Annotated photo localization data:

↓↓↓

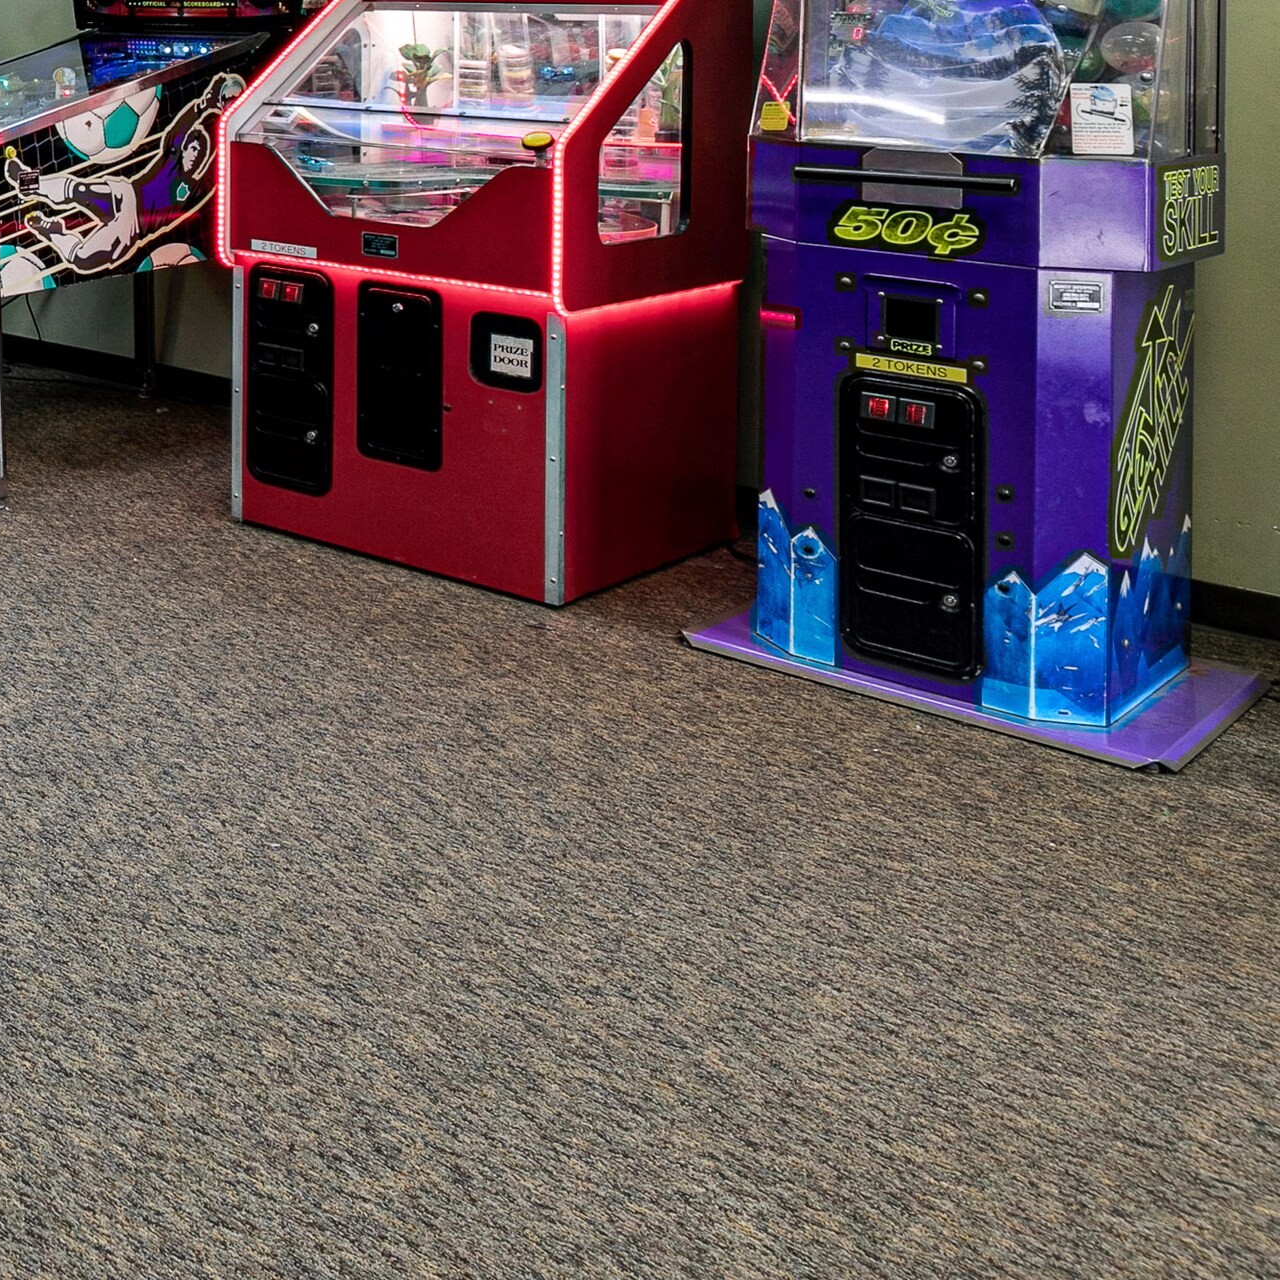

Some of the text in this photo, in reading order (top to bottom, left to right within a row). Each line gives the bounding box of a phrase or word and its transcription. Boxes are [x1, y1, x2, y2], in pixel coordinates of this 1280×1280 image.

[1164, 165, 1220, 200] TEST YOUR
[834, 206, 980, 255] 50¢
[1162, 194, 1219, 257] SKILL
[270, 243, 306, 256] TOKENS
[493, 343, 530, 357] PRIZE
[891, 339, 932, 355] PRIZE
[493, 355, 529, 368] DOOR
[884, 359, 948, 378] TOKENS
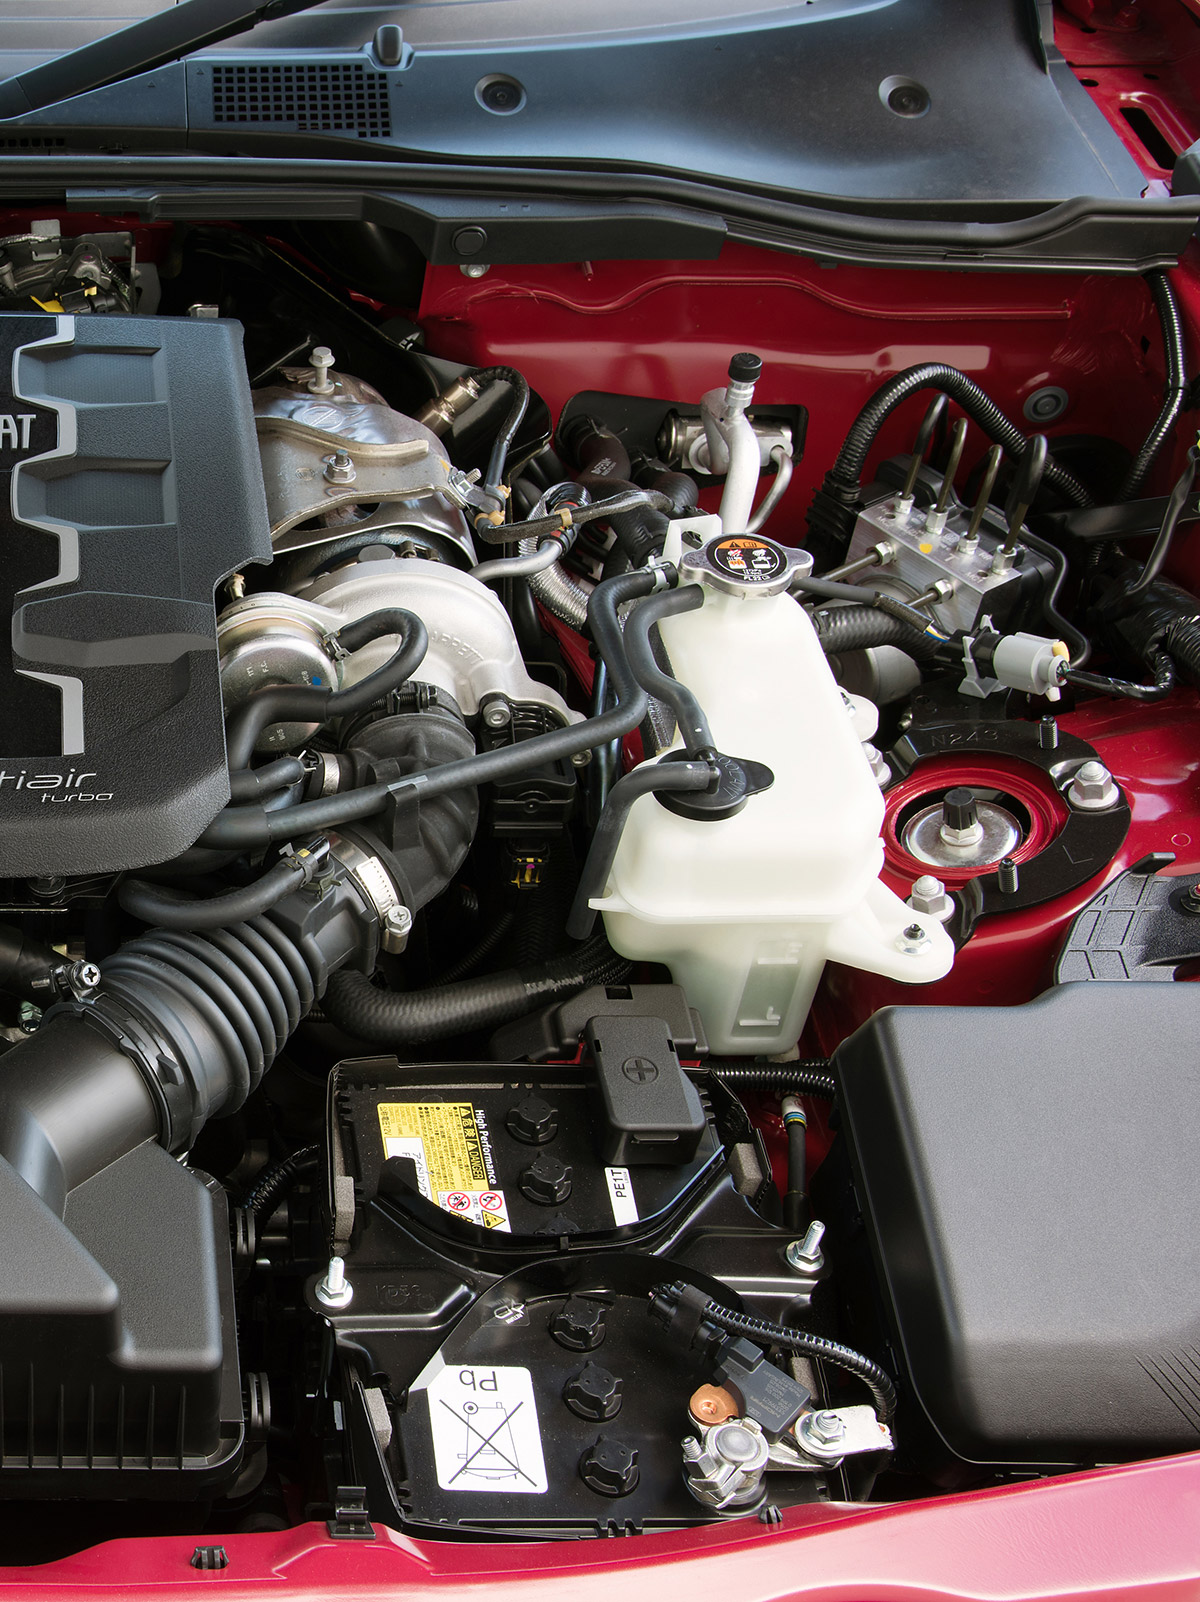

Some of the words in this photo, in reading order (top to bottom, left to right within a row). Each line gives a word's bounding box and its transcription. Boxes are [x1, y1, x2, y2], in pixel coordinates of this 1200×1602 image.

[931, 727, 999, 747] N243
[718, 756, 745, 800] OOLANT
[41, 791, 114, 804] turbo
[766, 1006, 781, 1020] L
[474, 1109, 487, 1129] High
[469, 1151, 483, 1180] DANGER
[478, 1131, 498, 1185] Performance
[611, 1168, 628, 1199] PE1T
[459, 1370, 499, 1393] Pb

↑↑↑

■ TASK DETAILS ■
Return the records above verbatim, images excluded.

■ OUTPUT FOR THIS TASK ■
Some of the text in this photo, in reading order (top to bottom, left to right within a row). Each line gives the bounding box of a phrase or word and its transcription. Boxes are [x1, y1, x2, y2], in pixel coordinates of this 1280×1280 image.

[1164, 165, 1220, 200] TEST YOUR
[834, 206, 980, 255] 50¢
[1162, 194, 1219, 257] SKILL
[270, 243, 306, 256] TOKENS
[493, 343, 530, 357] PRIZE
[891, 339, 932, 355] PRIZE
[493, 355, 529, 368] DOOR
[884, 359, 948, 378] TOKENS

Some of the words in this photo, in reading order (top to bottom, left to right within a row). Each line gives a word's bounding box and its transcription. Boxes are [x1, y1, x2, y2], in pixel coordinates of this 1200×1602 image.

[931, 727, 999, 747] N243
[718, 756, 745, 800] OOLANT
[41, 791, 114, 804] turbo
[766, 1006, 781, 1020] L
[474, 1109, 487, 1129] High
[469, 1151, 483, 1180] DANGER
[478, 1131, 498, 1185] Performance
[611, 1168, 628, 1199] PE1T
[459, 1370, 499, 1393] Pb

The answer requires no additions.